> Dataset extract:
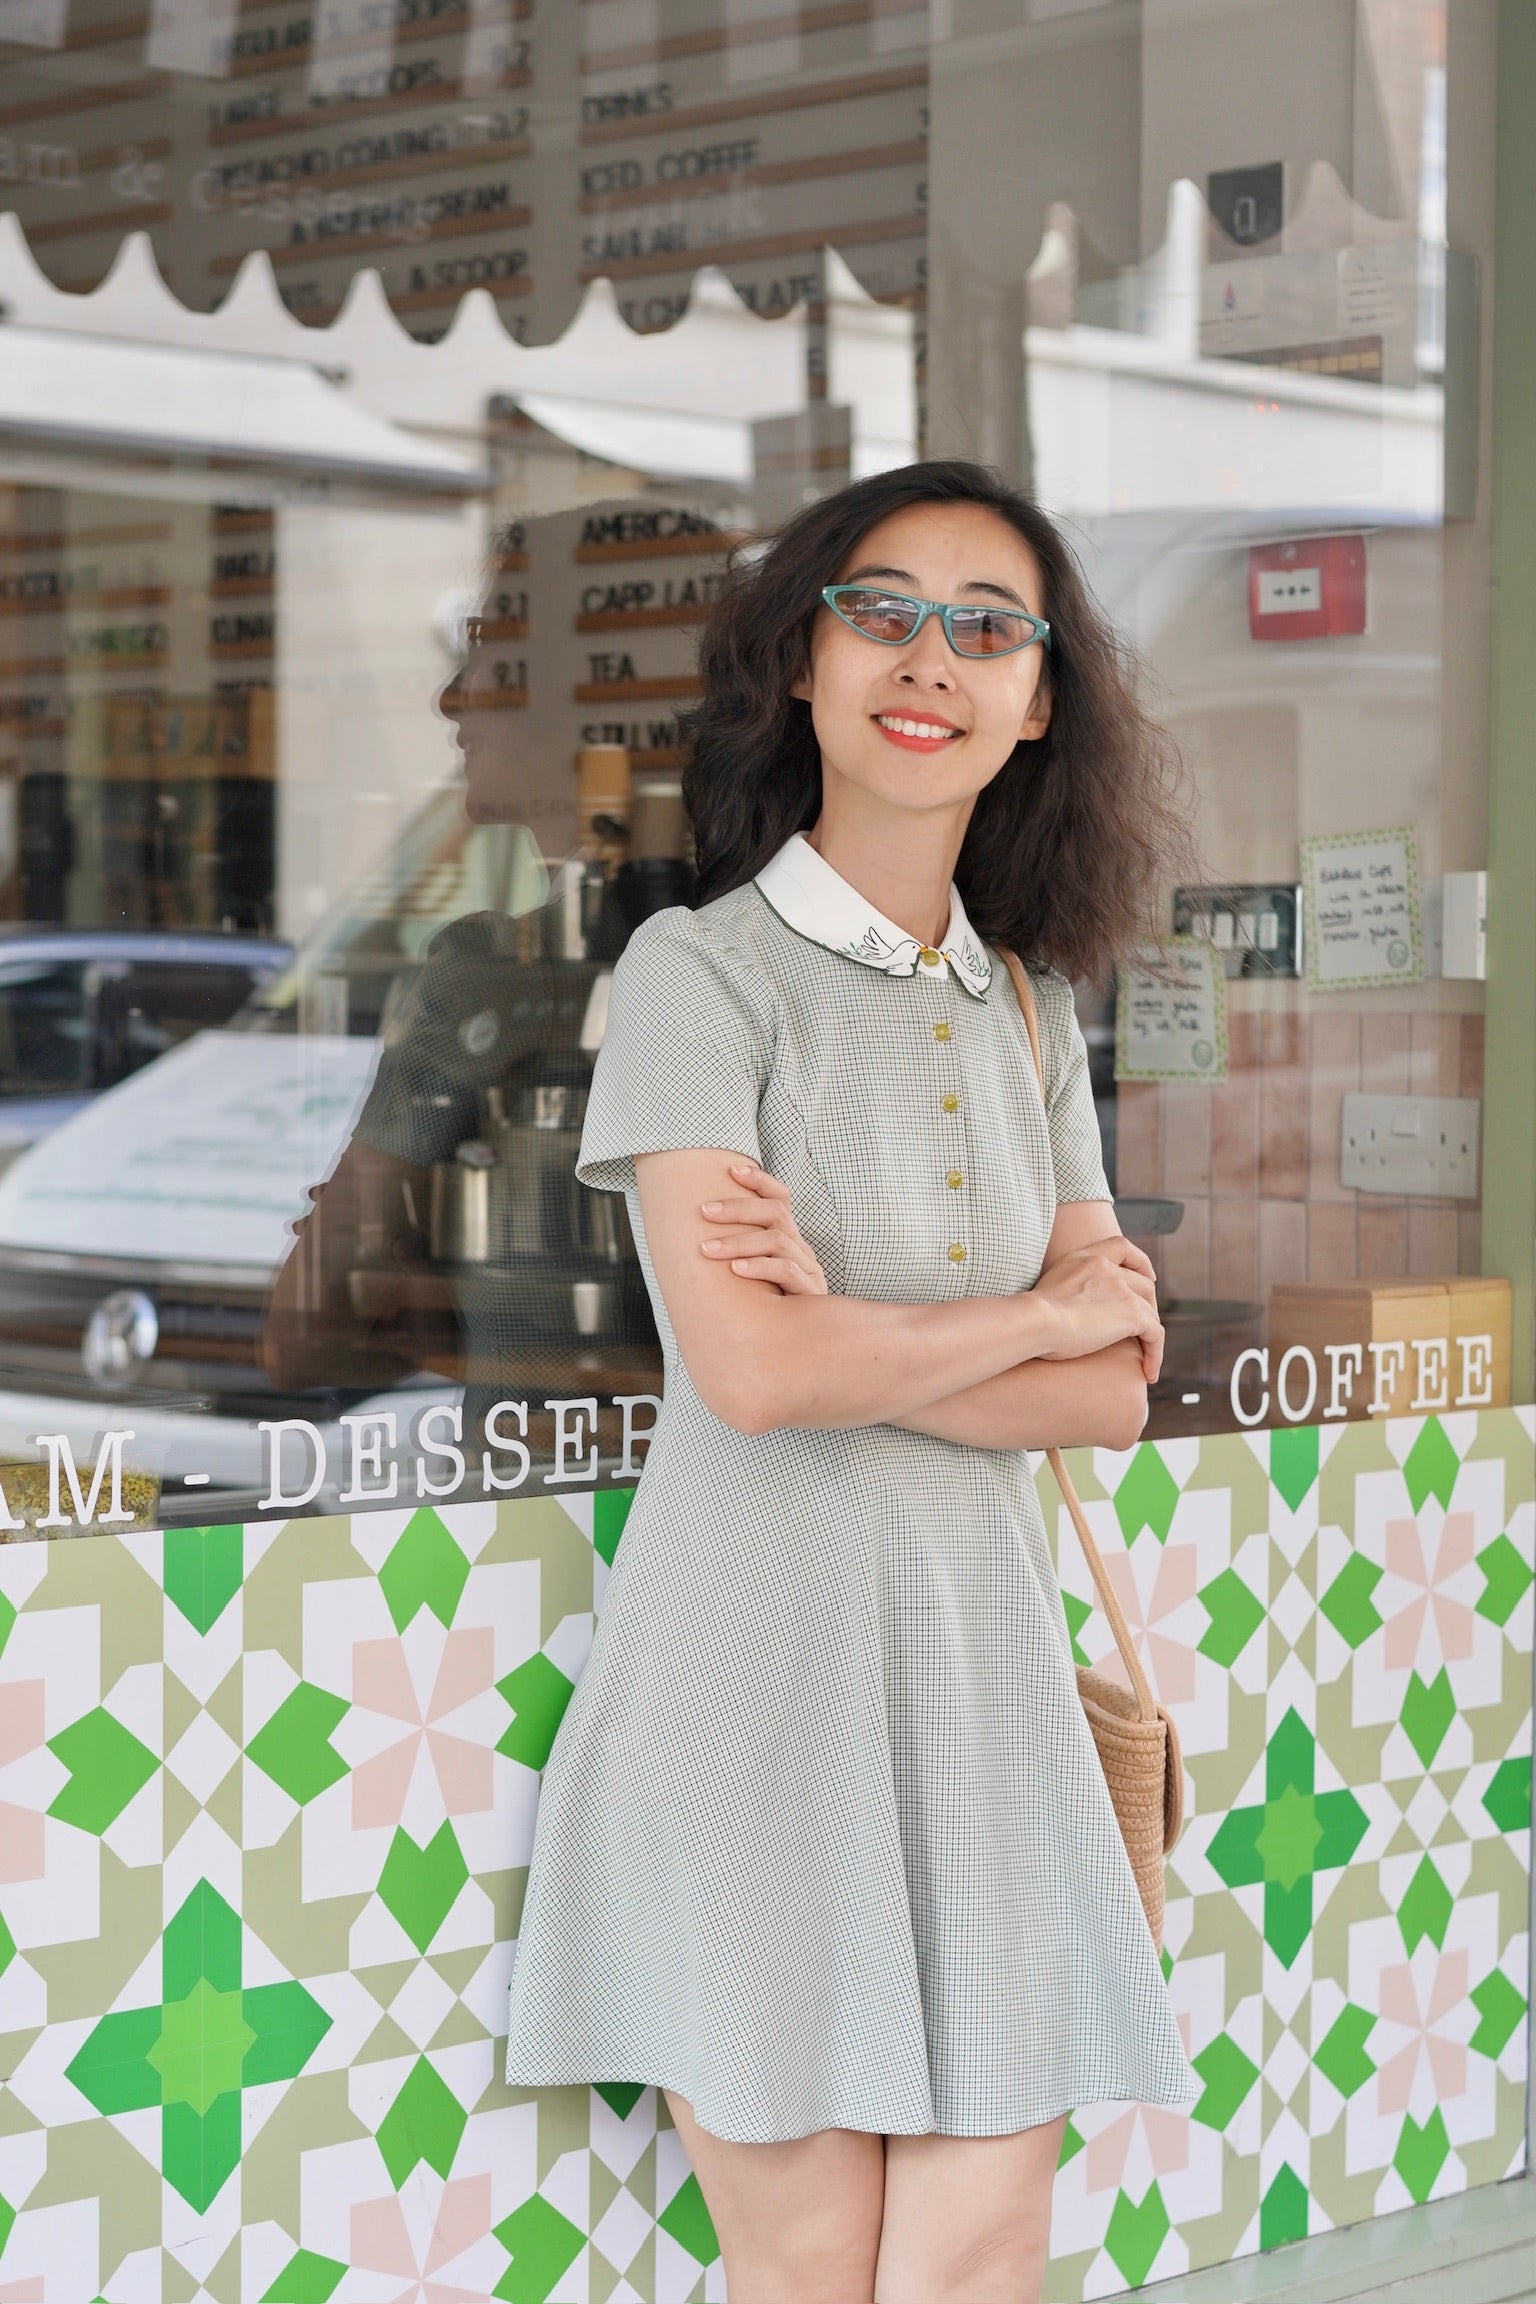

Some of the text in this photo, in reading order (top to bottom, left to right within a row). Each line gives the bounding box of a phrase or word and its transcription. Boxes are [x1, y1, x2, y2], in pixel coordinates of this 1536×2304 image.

[581, 82, 673, 123] DRINKS
[580, 158, 643, 196] ICED
[588, 652, 634, 685] TEA
[1230, 1334, 1492, 1427] COFFEE
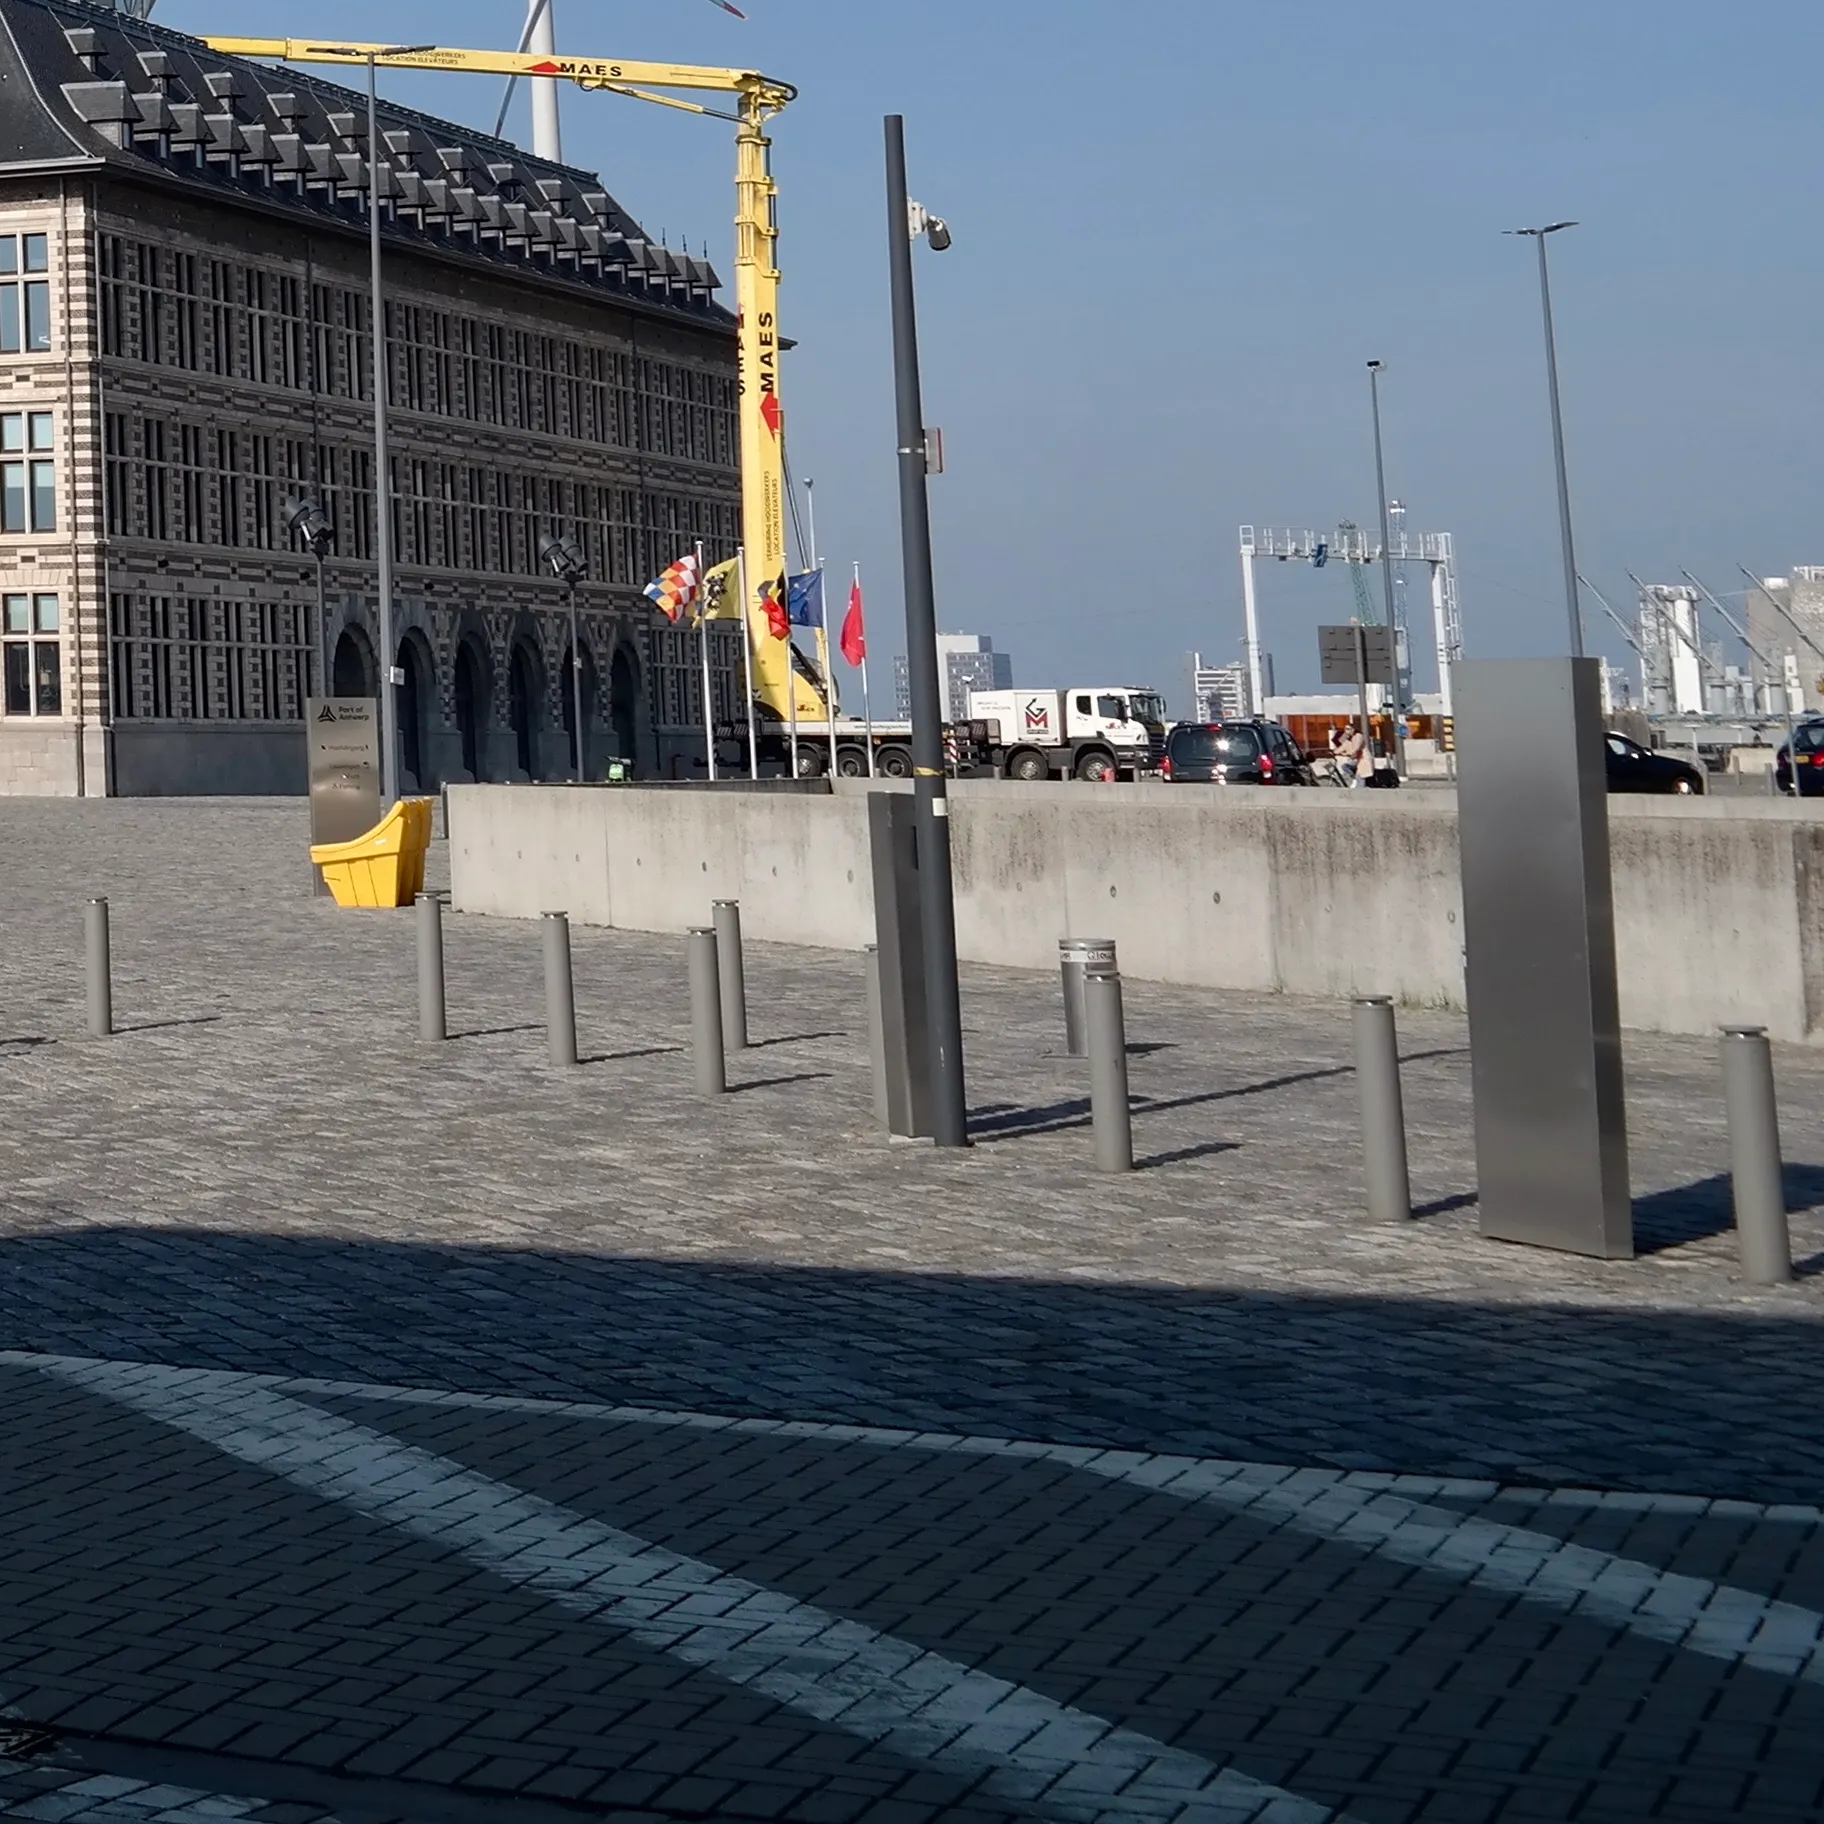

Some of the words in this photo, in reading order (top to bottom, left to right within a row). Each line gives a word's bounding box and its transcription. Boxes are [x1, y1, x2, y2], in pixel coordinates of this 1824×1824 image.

[560, 62, 622, 77] MAES
[758, 311, 774, 393] MAES
[338, 706, 354, 714] Port
[355, 705, 364, 713] of
[338, 714, 370, 722] Antwerp
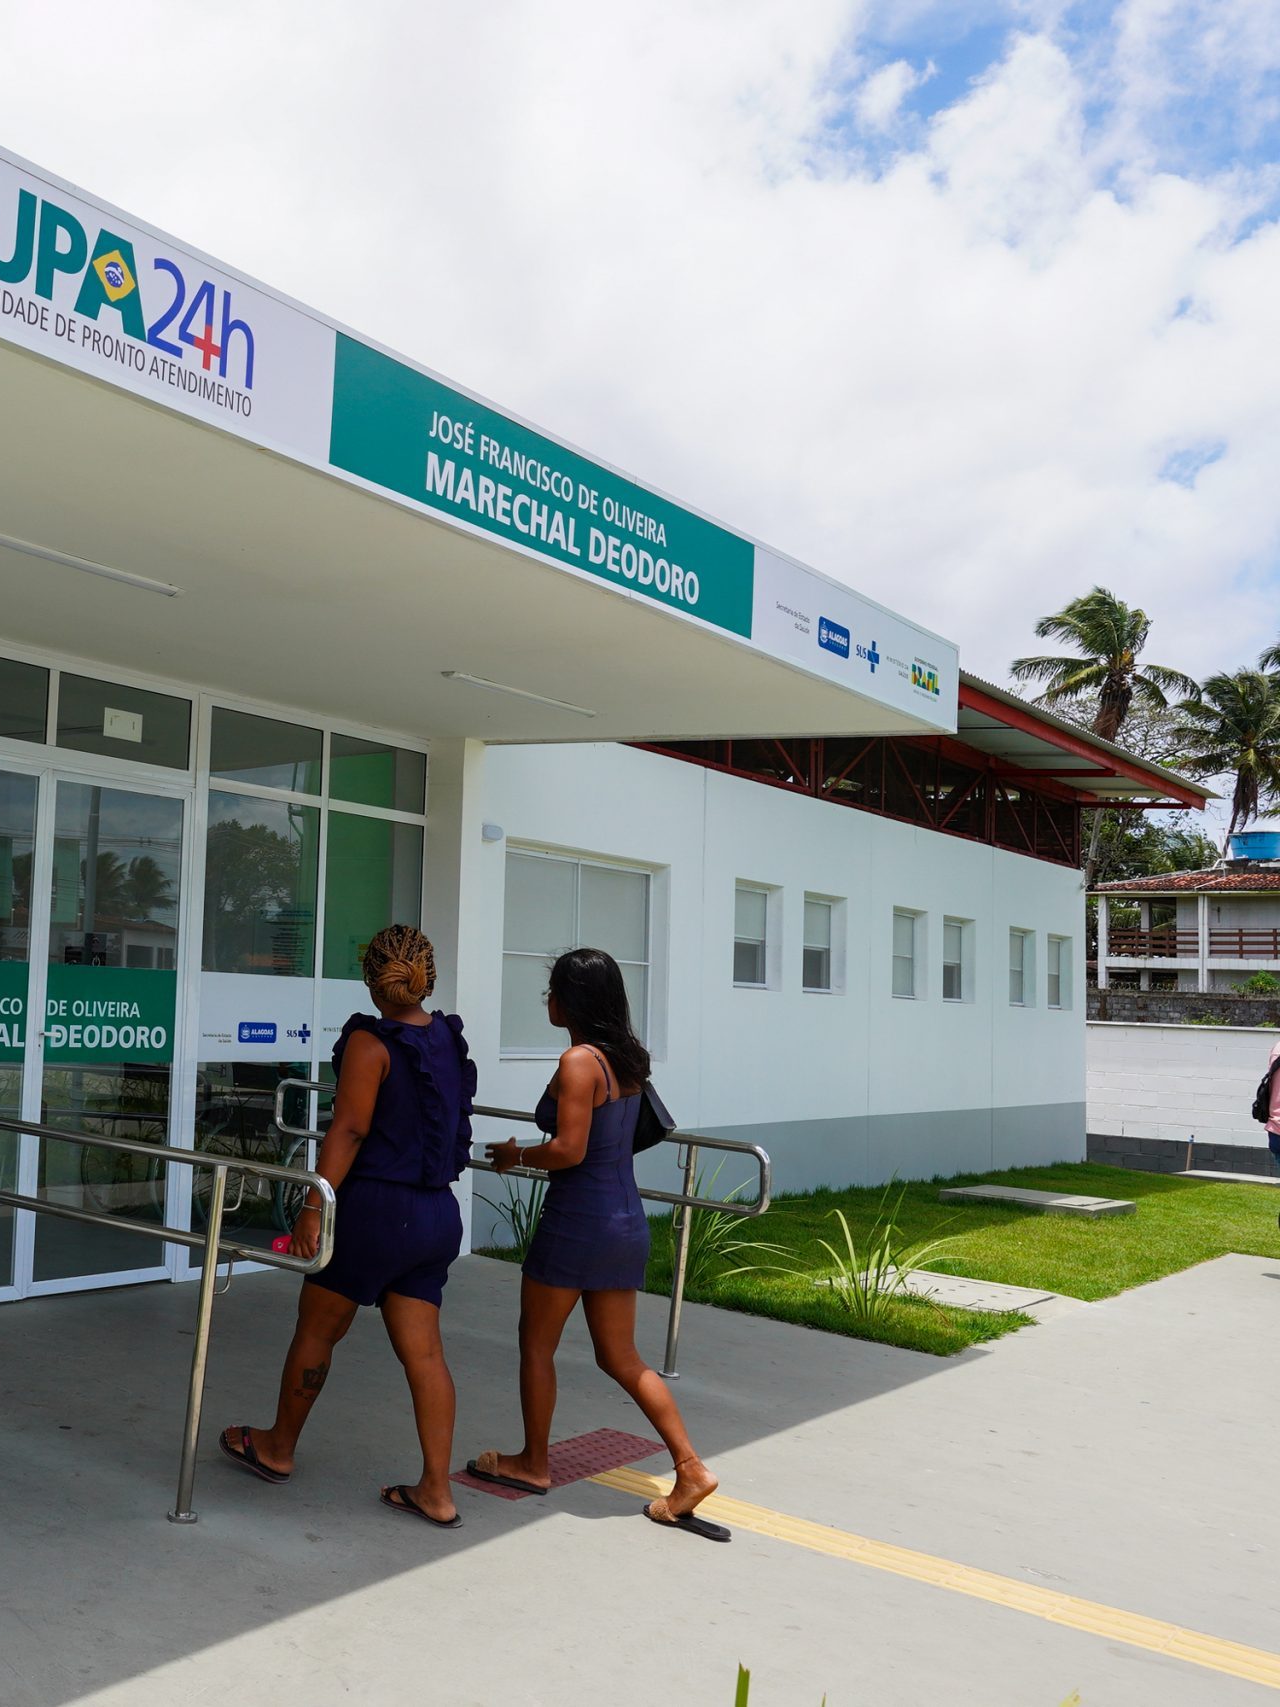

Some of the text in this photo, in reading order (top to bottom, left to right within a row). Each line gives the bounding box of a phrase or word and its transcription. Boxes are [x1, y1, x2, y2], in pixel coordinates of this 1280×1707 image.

[147, 257, 255, 391] 24h
[55, 312, 76, 348] DE
[82, 325, 145, 373] PRONTO
[149, 355, 252, 417] ATENDIMENTO
[429, 411, 667, 547] JOSÉ FRANCISCO DE OLIVEIRA
[426, 451, 700, 605] MARECHAL DEODORO
[856, 644, 867, 660] SUS
[47, 999, 67, 1017] DE
[72, 1000, 140, 1018] OLIVEIRA
[50, 1024, 167, 1049] DEODORO
[250, 1028, 274, 1036] ALAGOAS
[286, 1030, 298, 1038] SUS

> Task item: Return all of the entries word for word, but omit the pictures.

> Output for this exercise:
Some of the text in this photo, in reading order (top to bottom, left to right within a row). Each line gives the bounding box of a phrase or word and its transcription. Boxes are [x1, y1, x2, y2], in pixel coordinates of this 1536×2304 image.

[581, 82, 673, 123] DRINKS
[580, 158, 643, 196] ICED
[588, 652, 634, 685] TEA
[1230, 1334, 1492, 1427] COFFEE

Some of the words in this photo, in reading order (top to bottom, left to right within a row). Each line gives a word's bounding box and its transcription. Boxes are [x1, y1, x2, y2], in pixel coordinates of this 1824×1824 image.

[560, 62, 622, 77] MAES
[758, 311, 774, 393] MAES
[338, 706, 354, 714] Port
[355, 705, 364, 713] of
[338, 714, 370, 722] Antwerp

Some of the text in this photo, in reading order (top to bottom, left to right within a row). Each line gives the bounding box of a phrase or word and its transcription. Boxes are [x1, y1, x2, y2], in pixel coordinates of this 1280×1707 image.

[147, 257, 255, 391] 24h
[55, 312, 76, 348] DE
[82, 325, 145, 373] PRONTO
[149, 355, 252, 417] ATENDIMENTO
[429, 411, 667, 547] JOSÉ FRANCISCO DE OLIVEIRA
[426, 451, 700, 605] MARECHAL DEODORO
[856, 644, 867, 660] SUS
[47, 999, 67, 1017] DE
[72, 1000, 140, 1018] OLIVEIRA
[50, 1024, 167, 1049] DEODORO
[250, 1028, 274, 1036] ALAGOAS
[286, 1030, 298, 1038] SUS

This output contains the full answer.